The Valkyrie (English National Opera)
Nothing like an announcement before the show to scare the horses, and the opening night of the English National Opera’s The Valkyrie started with three. The first one we had all read in the newspapers: The local Westminster Council security official had poured cold water on the ‘magic fire’, supposedly the spectacular finale of the second part of the new setting. Richard Jones scene from Wagner Ring . The others were just as gloomy: Nicky Spence had a cold but would sing Siegmund nonetheless, and the also cold-stricken Susan Bickley would play the part of Fricka while one of the Valkyries – Claire Barnett-Jones – sang the role from behind the scenes. . As it happened, neither of the two vocal ailments turned out to be a disaster, and the fiery ending turned out to be the least of the problems with this ultimately hollow-hearted co-production with New York’s Metropolitan Opera.
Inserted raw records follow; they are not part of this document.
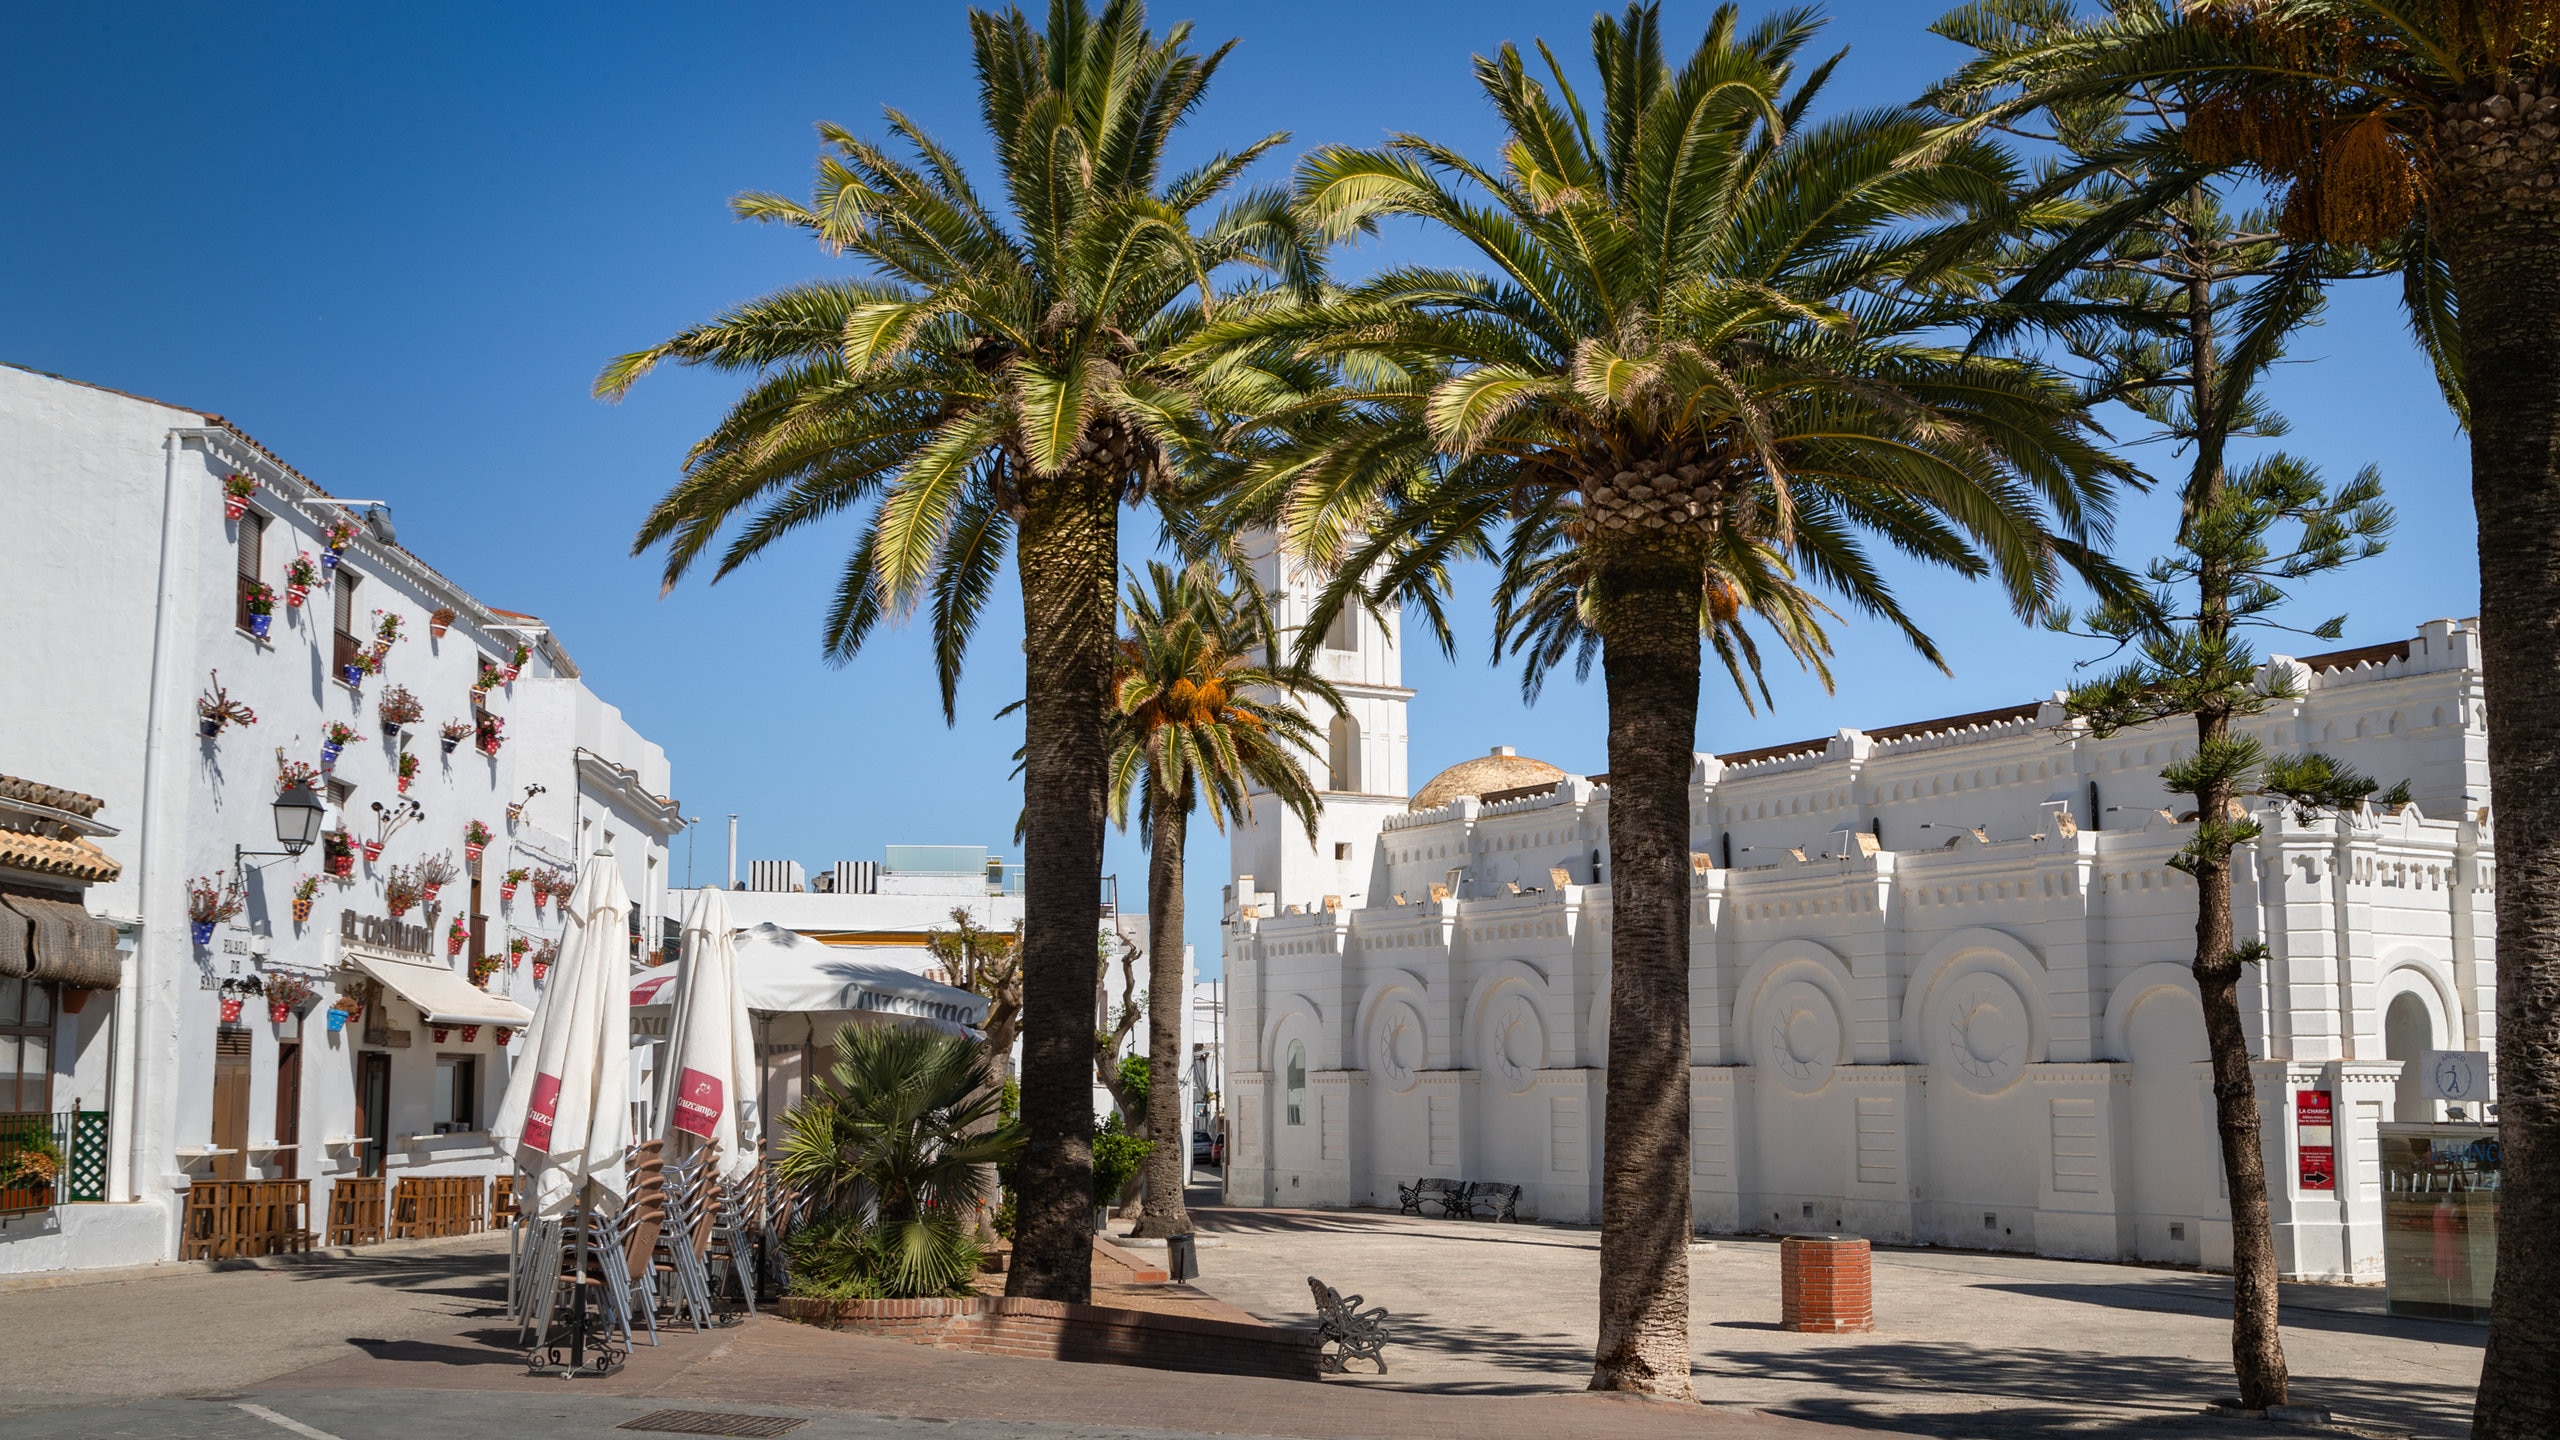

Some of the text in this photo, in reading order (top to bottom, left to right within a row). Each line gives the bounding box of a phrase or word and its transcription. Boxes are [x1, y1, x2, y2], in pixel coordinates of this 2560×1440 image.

[342, 909, 358, 940] EL
[223, 939, 247, 955] PLAZA
[231, 960, 240, 974] DE
[200, 976, 226, 991] SANT
[841, 982, 974, 1024] Cruzcampo
[2441, 1051, 2466, 1063] AHINCO
[677, 1097, 717, 1118] Cruzcampo
Brindley Sherratt as Hunding, Nicky Spence as Siegmund and Emma Bell as Sieglinde. Photo © Tristram Kenton
So what went wrong? Jones is an extremely experienced director with a string of hits including the Met’s Hansel and Gretel and more recently the elegant Royal Opera Bohemian . He was also the director of a notoriously hated film Ring Cycle for Covent Garden in 1993, a fact that raised eyebrows when he was announced to direct the first ENO Ring in 15 years, the one intended to replace the equally notorious Robert Lepage of the Met Ring , another of the wettest firecrackers in the opera house. Thirty years later, this new Valkyrie eschews some of the crazy excesses of Jones’ previous effort, but it also lacks a lot of his imaginative boldness. It’s always hard to say what a director is trying to say when it comes to Rings second part without the benefit of seeing Das rheingold (postponed due to the pandemic until next year), but even so, this production seemed to run out of ideas, and many of those had felt like duds.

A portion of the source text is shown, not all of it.